> _Your task_
Restate word for word, and only, the lines that extend from the line containing "this 1500×1000 image." through the end of the records below.

> _Source material_
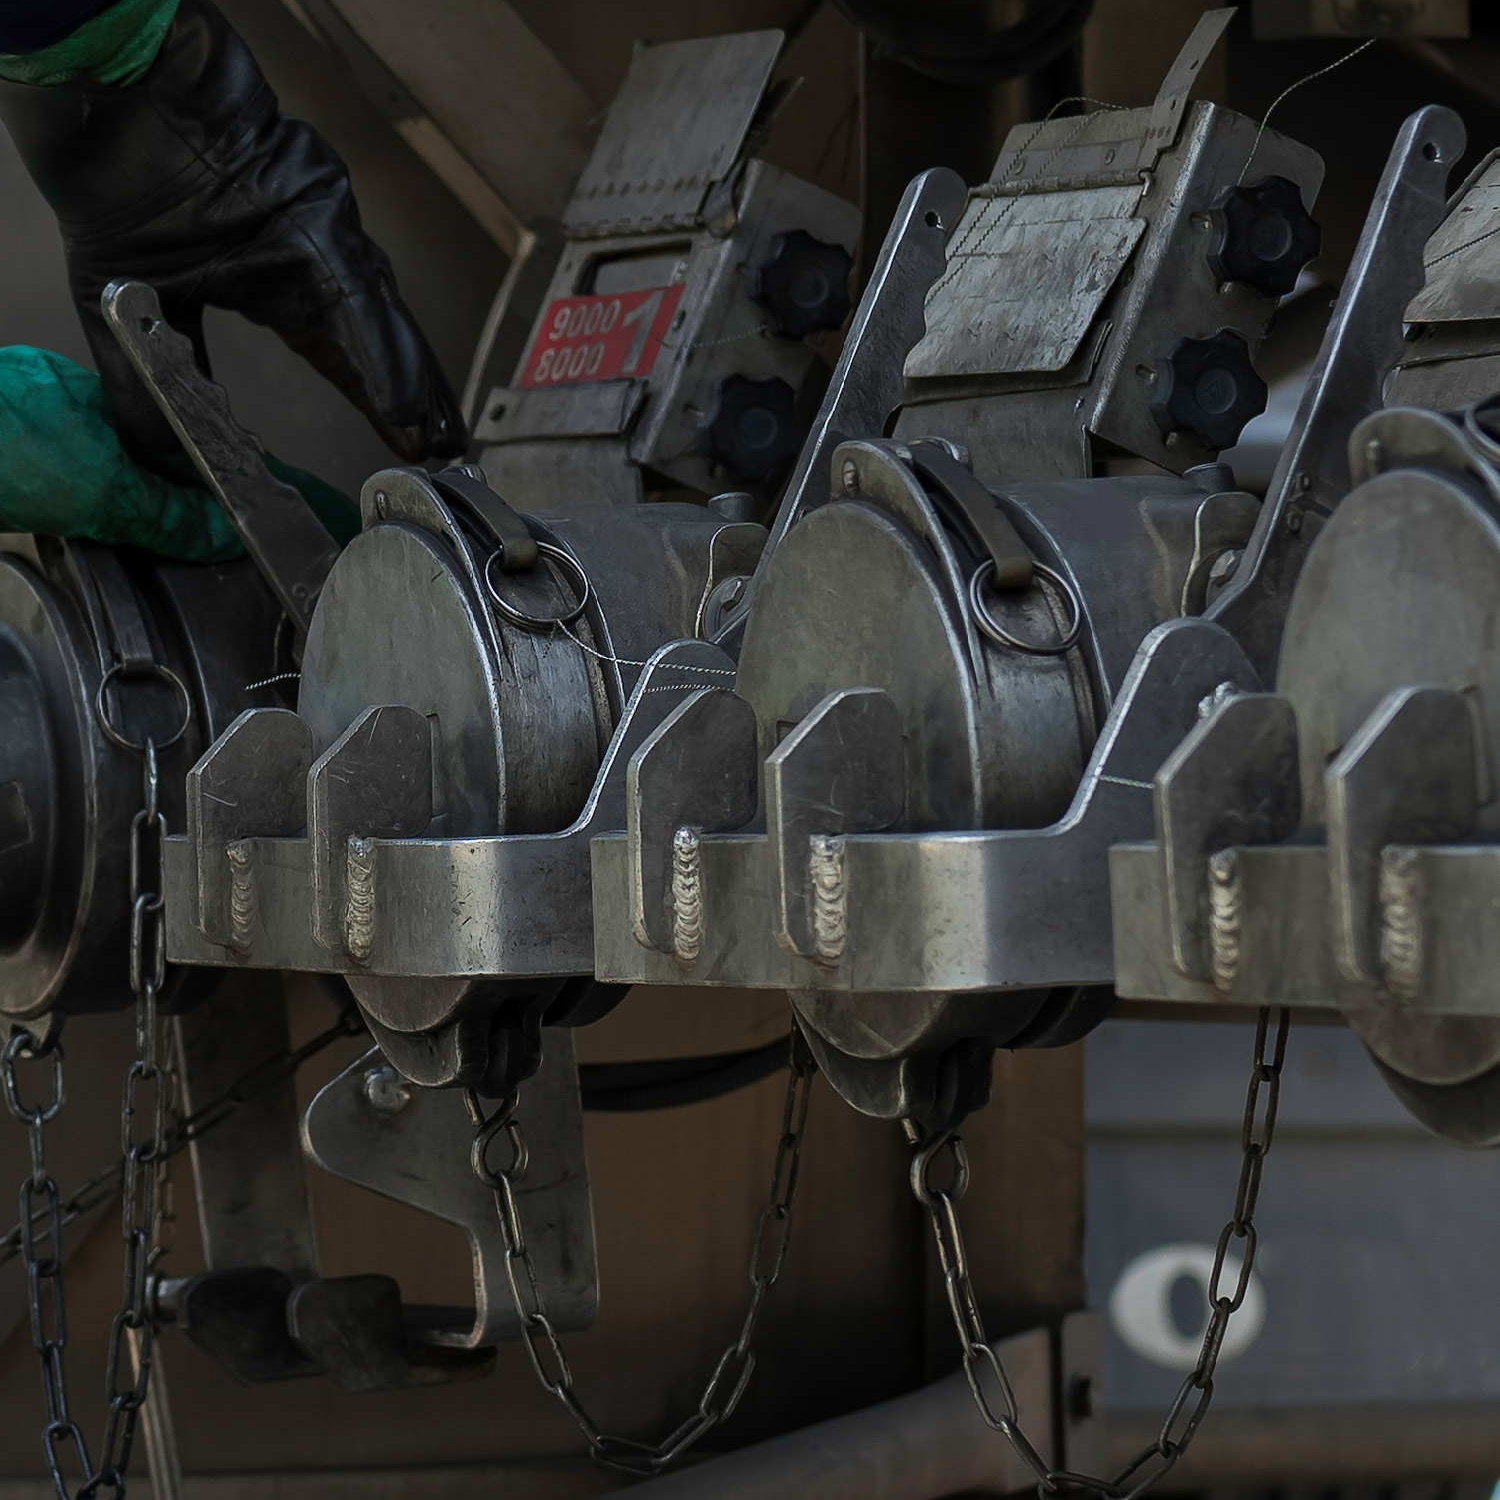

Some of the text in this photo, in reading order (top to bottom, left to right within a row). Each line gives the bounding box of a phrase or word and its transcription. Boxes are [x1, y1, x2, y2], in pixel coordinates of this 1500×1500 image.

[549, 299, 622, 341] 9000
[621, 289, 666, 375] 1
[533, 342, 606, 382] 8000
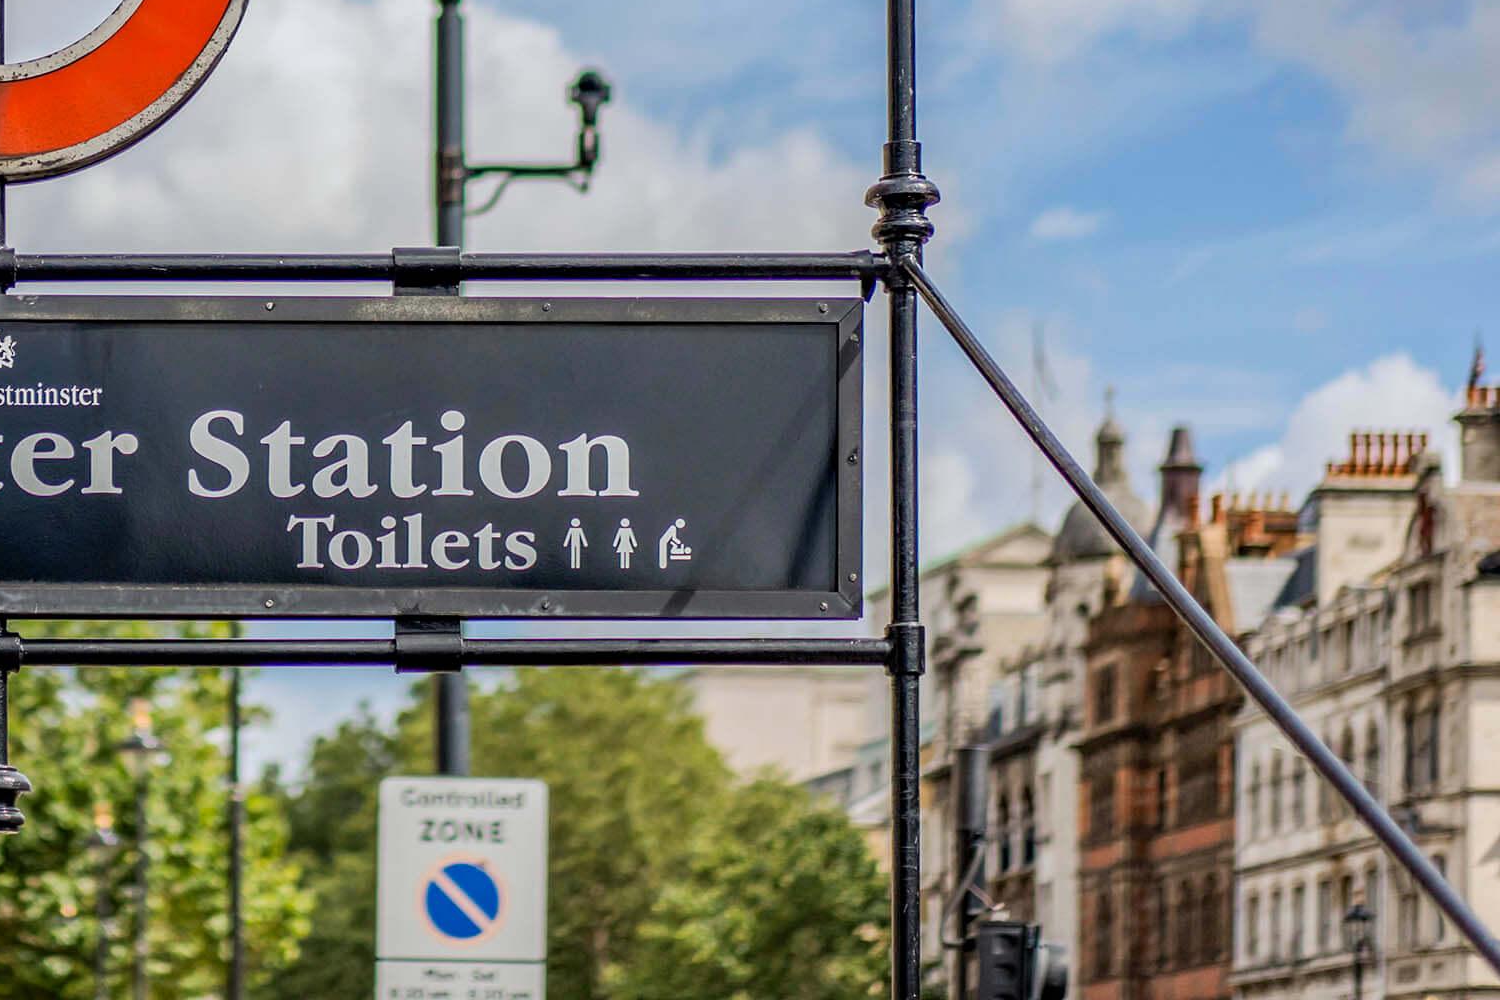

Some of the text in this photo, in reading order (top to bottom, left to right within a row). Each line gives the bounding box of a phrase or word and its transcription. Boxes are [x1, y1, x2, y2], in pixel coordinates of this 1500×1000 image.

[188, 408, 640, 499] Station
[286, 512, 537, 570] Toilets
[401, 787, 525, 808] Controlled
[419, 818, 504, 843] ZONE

> _Answer box_
Some of the text in this photo, in reading order (top to bottom, left to right within a row). Each line gives the bounding box of a phrase or word and its transcription. Boxes are [x1, y1, x2, y2], in pixel coordinates of this 1500×1000 image.

[188, 408, 640, 499] Station
[286, 512, 537, 570] Toilets
[401, 787, 525, 808] Controlled
[419, 818, 504, 843] ZONE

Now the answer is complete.